In short, I was a Playboy “reader” who didn’t read Playboy. Not because I thought there was anything morally wrong with doing so—there just was a discrepancy between the person I really was and the persona I wanted to project to the world.
I’d wonder, “What will the mailman think if I get a subscription? What if friends come over and see a copy lying around the house? Will this besmirch my reputation (such as it is)? Will I appear to be a fifty-something guy who likes to leer at young babes (which I am)?”
Eventually the ridiculousness of these wonderings hit home. I am who I am. If some aspect of who I am feels absolutely right to me when I’m alone in my subjective I-am-ness, then I shouldn’t worry about how it looks to those who see me from the outside.

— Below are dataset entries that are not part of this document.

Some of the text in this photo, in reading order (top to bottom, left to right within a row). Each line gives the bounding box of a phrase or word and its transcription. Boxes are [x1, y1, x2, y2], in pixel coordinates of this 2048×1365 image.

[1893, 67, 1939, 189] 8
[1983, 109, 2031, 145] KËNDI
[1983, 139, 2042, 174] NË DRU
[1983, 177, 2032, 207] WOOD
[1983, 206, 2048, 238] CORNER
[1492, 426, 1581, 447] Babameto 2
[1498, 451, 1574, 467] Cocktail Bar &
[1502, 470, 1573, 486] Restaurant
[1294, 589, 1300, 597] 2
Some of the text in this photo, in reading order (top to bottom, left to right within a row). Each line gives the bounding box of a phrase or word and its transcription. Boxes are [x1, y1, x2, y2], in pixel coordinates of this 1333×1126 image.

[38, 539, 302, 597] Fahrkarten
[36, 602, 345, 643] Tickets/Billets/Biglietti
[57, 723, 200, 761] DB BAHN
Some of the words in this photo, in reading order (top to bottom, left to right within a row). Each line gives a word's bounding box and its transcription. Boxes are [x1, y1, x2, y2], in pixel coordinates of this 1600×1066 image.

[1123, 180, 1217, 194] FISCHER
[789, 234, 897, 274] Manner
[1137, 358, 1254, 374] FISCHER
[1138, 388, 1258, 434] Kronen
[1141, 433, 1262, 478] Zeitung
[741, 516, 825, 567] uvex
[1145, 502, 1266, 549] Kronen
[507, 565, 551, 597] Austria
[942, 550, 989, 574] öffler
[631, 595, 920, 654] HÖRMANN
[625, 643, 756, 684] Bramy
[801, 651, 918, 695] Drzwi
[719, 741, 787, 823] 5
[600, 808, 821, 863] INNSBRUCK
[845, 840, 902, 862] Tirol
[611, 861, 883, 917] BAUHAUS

Morality should spring from within, not without. As I noted in my “Talking with a churchless Christian” post, often we feel guilty about doing things that shouldn’t generate any guilt in us at all. The guilt is produced by social pressure (or more accurately, our perception of social pressure).
Religions frequently are the source of obsolete moral injunctions that continue to be accepted by people not because the codes mesh with their inner sense of right and wrong, but because it is more socially acceptable to run with the herd rather than follow your own moral compass.
I’m still a long way from being free of unproductive fretting about how other people regard me. But Playboy has helped me lighten my load of hypocrisy.
There shouldn’t be a big divide between what we feel is the right thing to do and what we’re actually doing. Nor should there be a marked divide between our private sense of morality and how we present ourselves in public.
This is why PostSecret is so popular, even though the postcard confessions are anonymous. It’s healthy to let out honest truth that has been held within.
Finally, a point of view that makes sense, good work.
Posted by: Mr. Viddy | December 13, 2005 at 07:06 PM
Great take! I'm a big fan of your site btw.
This also reminds me of the little tirade I went into with my fiancee the other day, when she responded "i wouldn't want to be catholic" when I told her that I'm liking them Catholics more and more (in light of their stance towards evolution and science in general). The background is she's christian and I'm not anything (quite proudly so). I understood that her inherent repulsion towards Catholicism has to do with certain stereotypes and conventional imageries. But my point was that since no two christians, nor two muslims, nor two mormoms, etc, actually share the complete same set of believes, their differences are only quantitative, not qualitative. Given how a muslim may agree with another on 99% of things, and yet have a certain vehement belief that would make her totally un-muslim or even (say) catholic-like. The whole hierarchical labeling of belief systems simply cannot reflect the diversity of human world views. One's willingness/unwillingness to associate oneself with certain labels (protestant, christian, whathaveyou) is simply artificial, and are only there because we tend to care about how others think of us when they hear that I'm a this or that. That's it. You are still who you are and your set of believes are not affected whether I start calling myself a universist or a satanist, etc.
I think I managed to convince her of this point. Now, convincing her that I should get a subscription to Playboy though might be a totally different story...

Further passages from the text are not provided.